According to the Financial Times, the US technology group that manufactures chips for Apple’s devices has agreed to invest up to ¥9.9 billion (£75 million) in Sharp, providing a much needed injection of capital at a time when the Japanese company faces the real threat of collapse.
Sharp announced it is selling 30.12 million shares at ¥164 yen a piece, or 2.6 percent of its stock. The TV maker also said that if certain conditions are met, including securing the resources needed for research and development, it may sell an additional ¥4.94 billion (£37 million) worth of shares.
“The investment from Qualcomm removed investors’ anxiety,” Hideki Yasuda, an analyst at Ace Securities Co., told Bloomberg in a phone interview. “The amount is not big but the fact Qualcomm will invest in Sharp is important, because it means Qualcomm considers Sharp won’t go bankrupt.” Mr Yasuda gives the stock a “hold” rating.
According to Tuesday’s announcement Qualcomm and Sharp will co-operate to develop energy-efficient next-generation displays for tablets and smartphones. After struggling to find interested buyers in the first half of 2012, the new IZGO screens have recently managed to line up customers eager to take advantage of the technology. Apple has already adopted the display and used it for its iPhone 5 and iPad 3.
!m[The Japanese Company Finally Receives Much-Needed Support ](/uploads/story/966/thumbs/pic1_inline.png)Under the new investment deal, Sharp will have to share knowhow with Pixtronix, an acquisition made by Qualcomm which is working on next-generation microelectromechanical system (MEMS) displays that could potentially benefit from the IZGO technology. Displays remain one of the priciest components in mobile devices, accounting for around 22 percent of the estimated $199 production cost of an iPhone 5.
In its quarterly report Sharp said there was “material doubt” about its ability to survive and forecast a full-year loss of ¥450 billion (£3.4 billion) due to sluggish demand for its panels. The number was even worse than the previous fiscal year loss of ¥396 billion (£2.9 billion) and shook investors’ confidence leading to a panic selloff of the stock.
The 100-year-old company has initiated a major turnaround involving selling assets and slashing jobs in order to swing back to profit in 2013. In the quarter ending 31 December Sharp has booked a ¥25.3 billion (£191 million) charge related to dismissing 2,960 employees.

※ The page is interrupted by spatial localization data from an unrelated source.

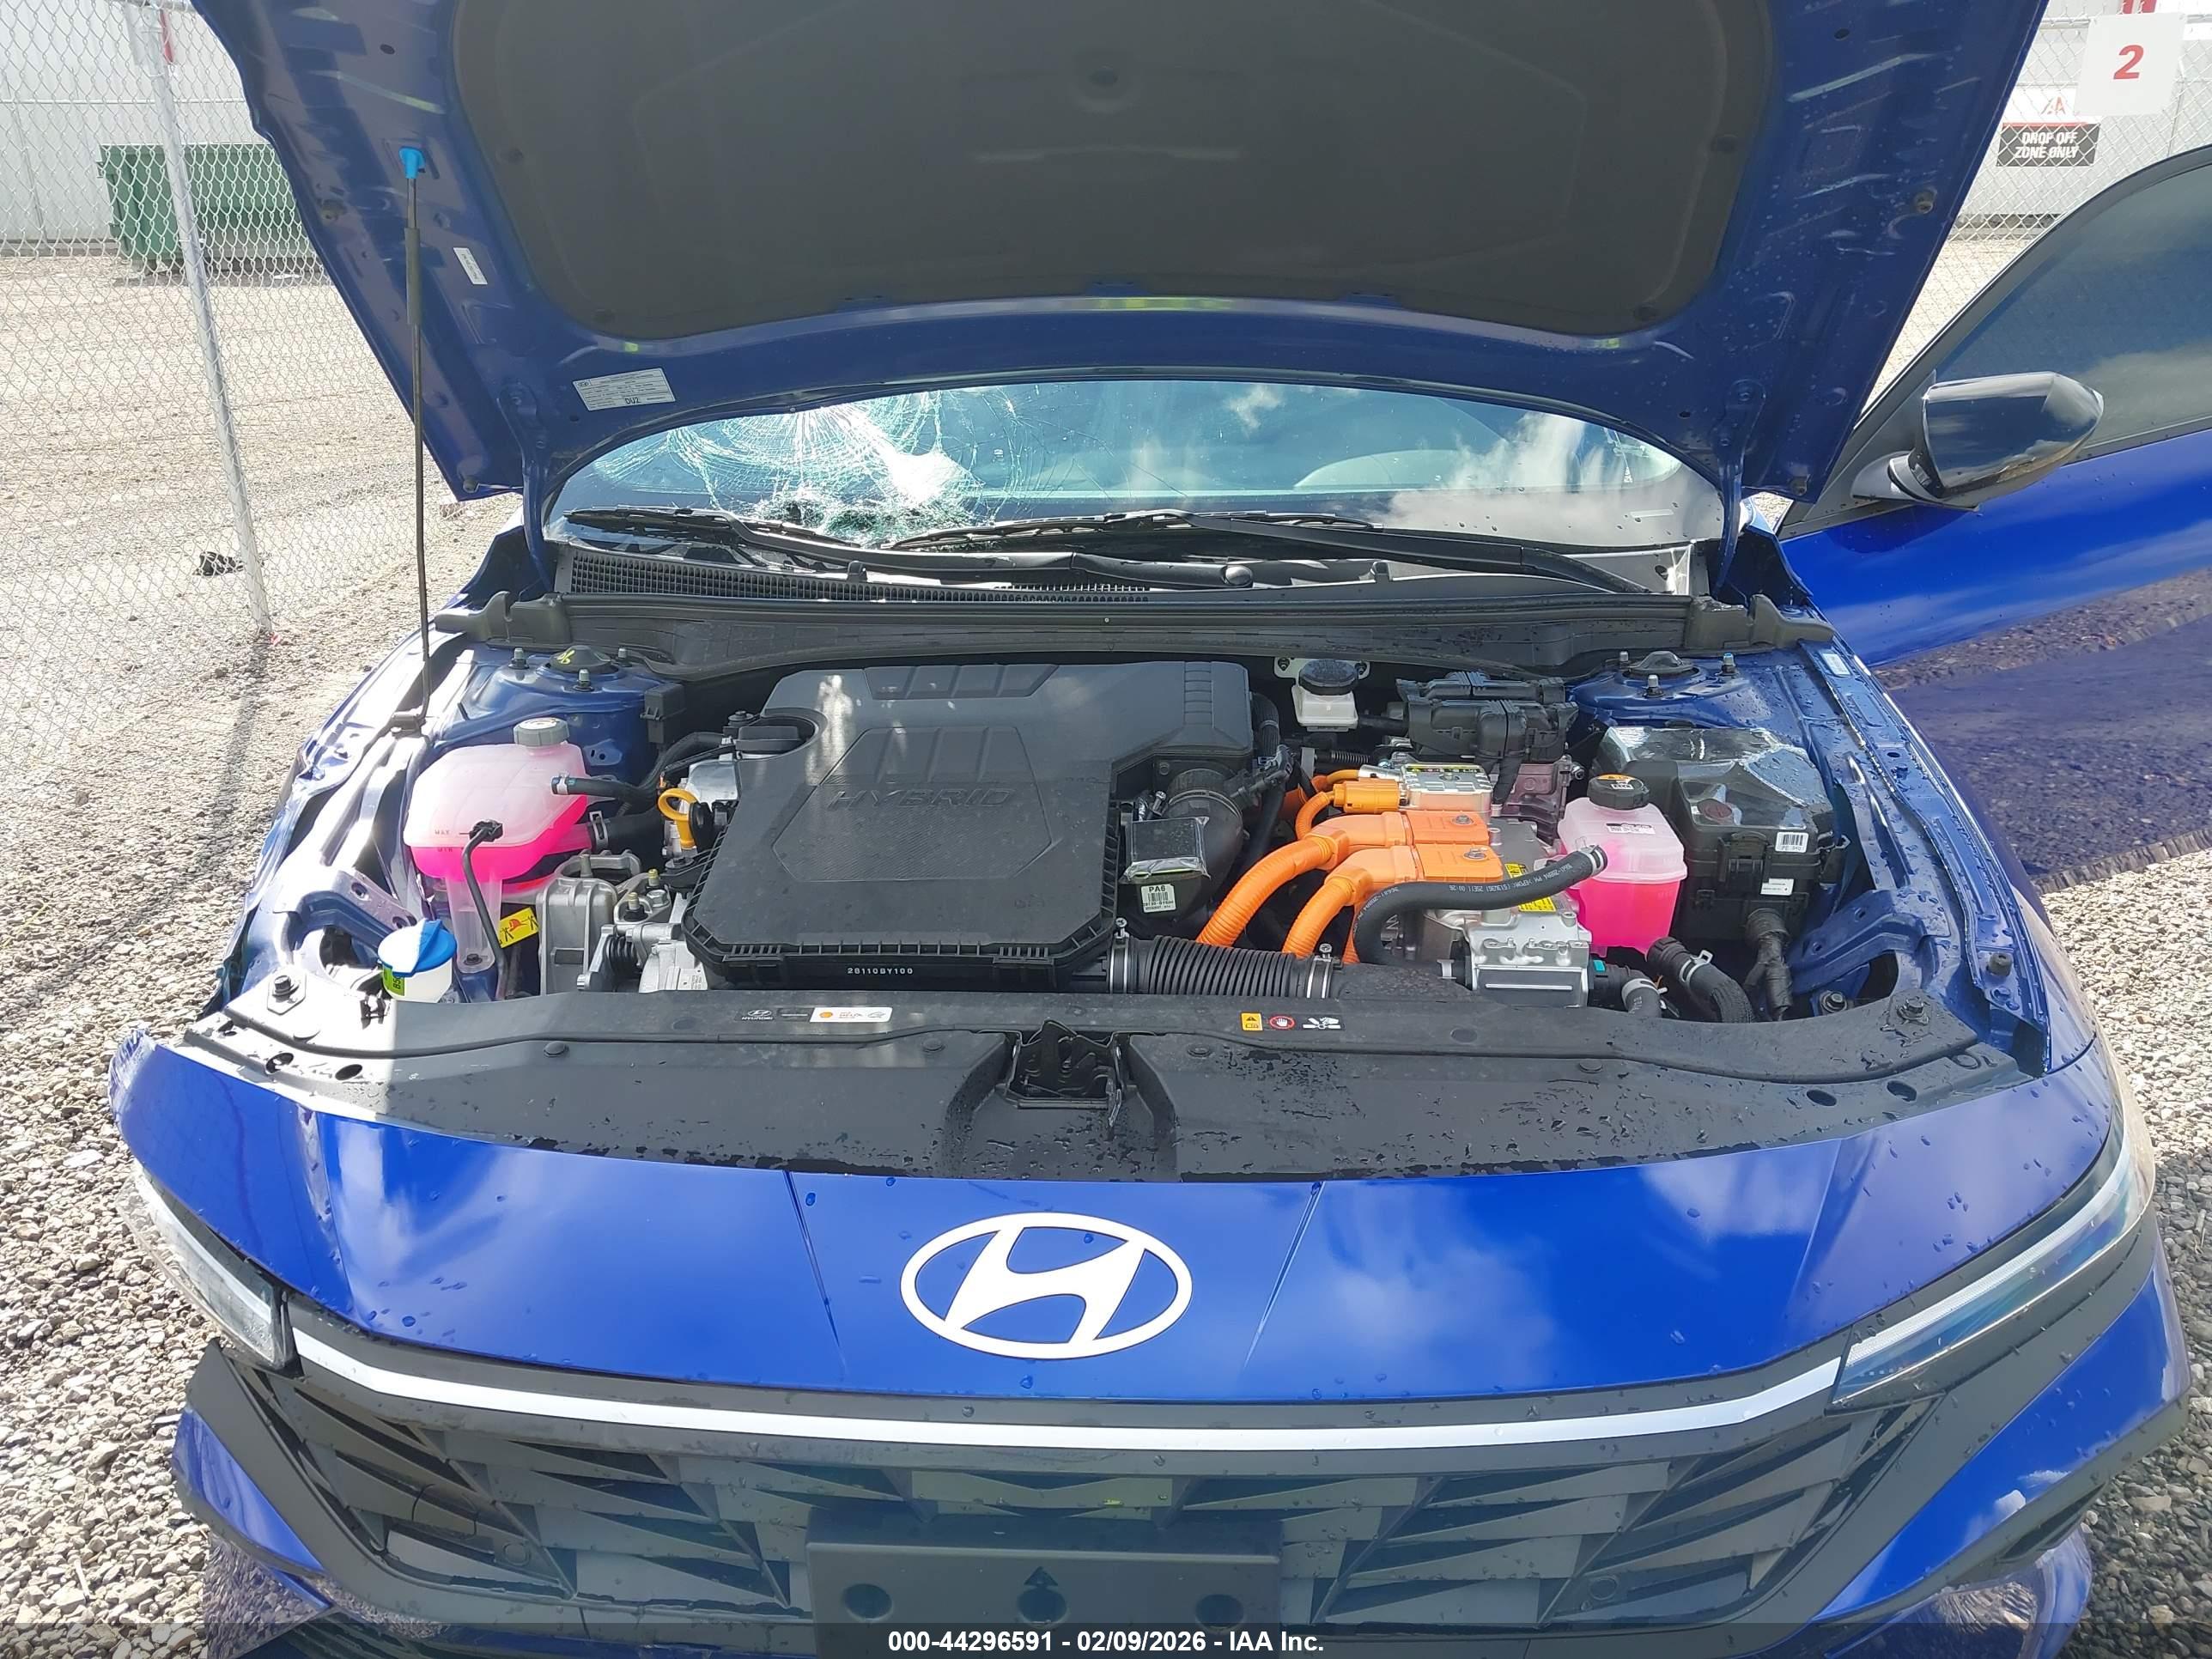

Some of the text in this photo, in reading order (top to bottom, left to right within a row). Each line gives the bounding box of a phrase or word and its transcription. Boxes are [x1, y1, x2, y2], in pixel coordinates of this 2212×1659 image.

[2113, 44, 2145, 81] 2
[2021, 131, 2079, 145] DROP OFF
[2014, 145, 2080, 159] ZONE ONLY
[624, 397, 641, 405] DU2
[827, 787, 1017, 811] HYBRID

The display maker has been desperately looking for new sources of capital in the past year but hit a brick wall in its talks with billionaire Terry Gou over a possible investment. Sharp was looking to secure ¥67 billion (£505 million) by selling 9.9 percent of its shares to Mr Gou’s Foxconn, the assembler of Apple’s products. The agreed price back in March was for ¥550 a share but after the Japanese company forecasted much bigger losses than expected, the stock price plunged and talks came to a halt.